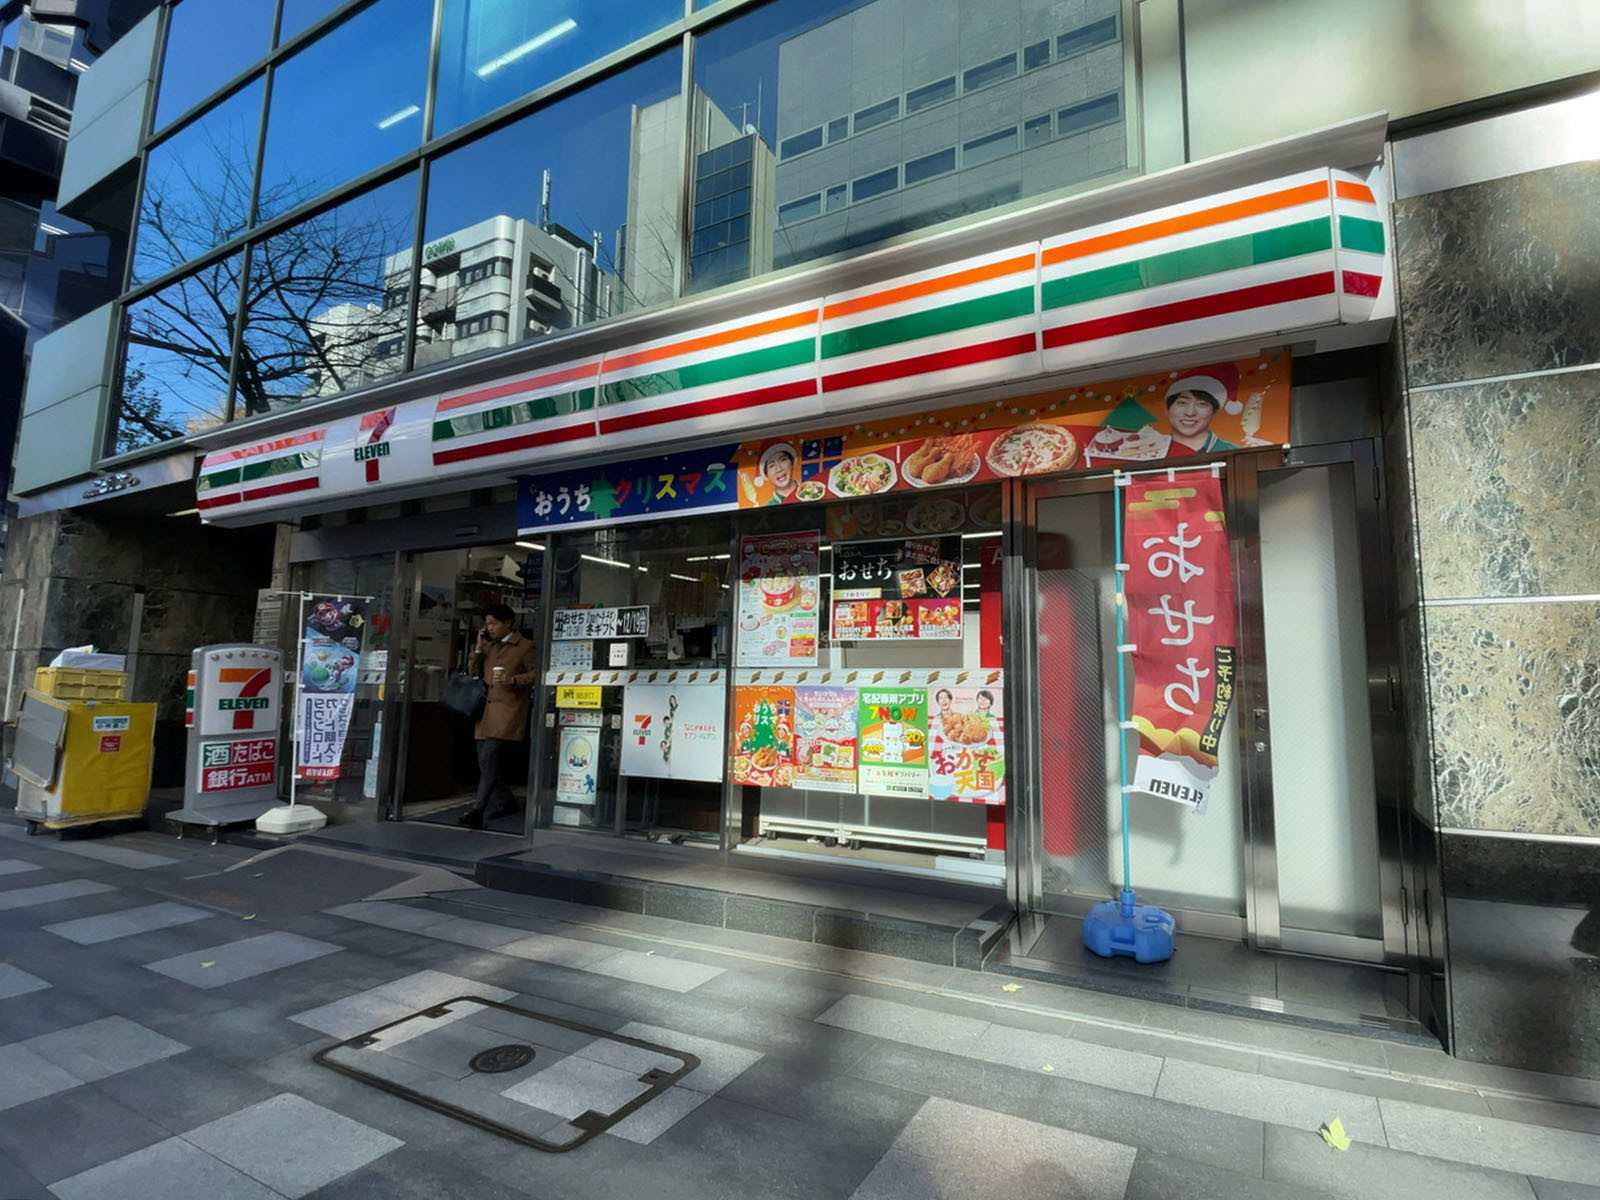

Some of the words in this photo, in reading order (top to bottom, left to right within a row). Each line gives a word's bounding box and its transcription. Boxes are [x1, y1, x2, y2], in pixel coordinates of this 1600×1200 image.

[534, 483, 592, 517] おうち
[614, 463, 727, 504] クリスマス
[838, 557, 893, 582] おせち
[563, 611, 585, 625] おせち
[585, 621, 616, 637] 冬ギフト
[219, 667, 272, 729] 7
[752, 701, 777, 714] おうち
[862, 692, 925, 705] 宅配専用アプリ
[744, 711, 788, 725] クリスマス
[867, 705, 917, 720] 7NOW
[205, 743, 230, 766] 酒
[233, 740, 274, 763] たばこ
[930, 747, 998, 775] おかず
[952, 769, 995, 794] 天国
----------------------------------------
Prompt: Return all of the records above exactly as written. Omit each picture.

Exercise output:
Some of the words in this photo, in reading order (top to bottom, left to right within a row). Each line gives a word's bounding box and its transcription. Boxes are [x1, y1, x2, y2], in pixel coordinates of this 1600×1200 image.

[534, 483, 592, 517] おうち
[614, 463, 727, 504] クリスマス
[838, 557, 893, 582] おせち
[563, 611, 585, 625] おせち
[585, 621, 616, 637] 冬ギフト
[219, 667, 272, 729] 7
[752, 701, 777, 714] おうち
[862, 692, 925, 705] 宅配専用アプリ
[744, 711, 788, 725] クリスマス
[867, 705, 917, 720] 7NOW
[205, 743, 230, 766] 酒
[233, 740, 274, 763] たばこ
[930, 747, 998, 775] おかず
[952, 769, 995, 794] 天国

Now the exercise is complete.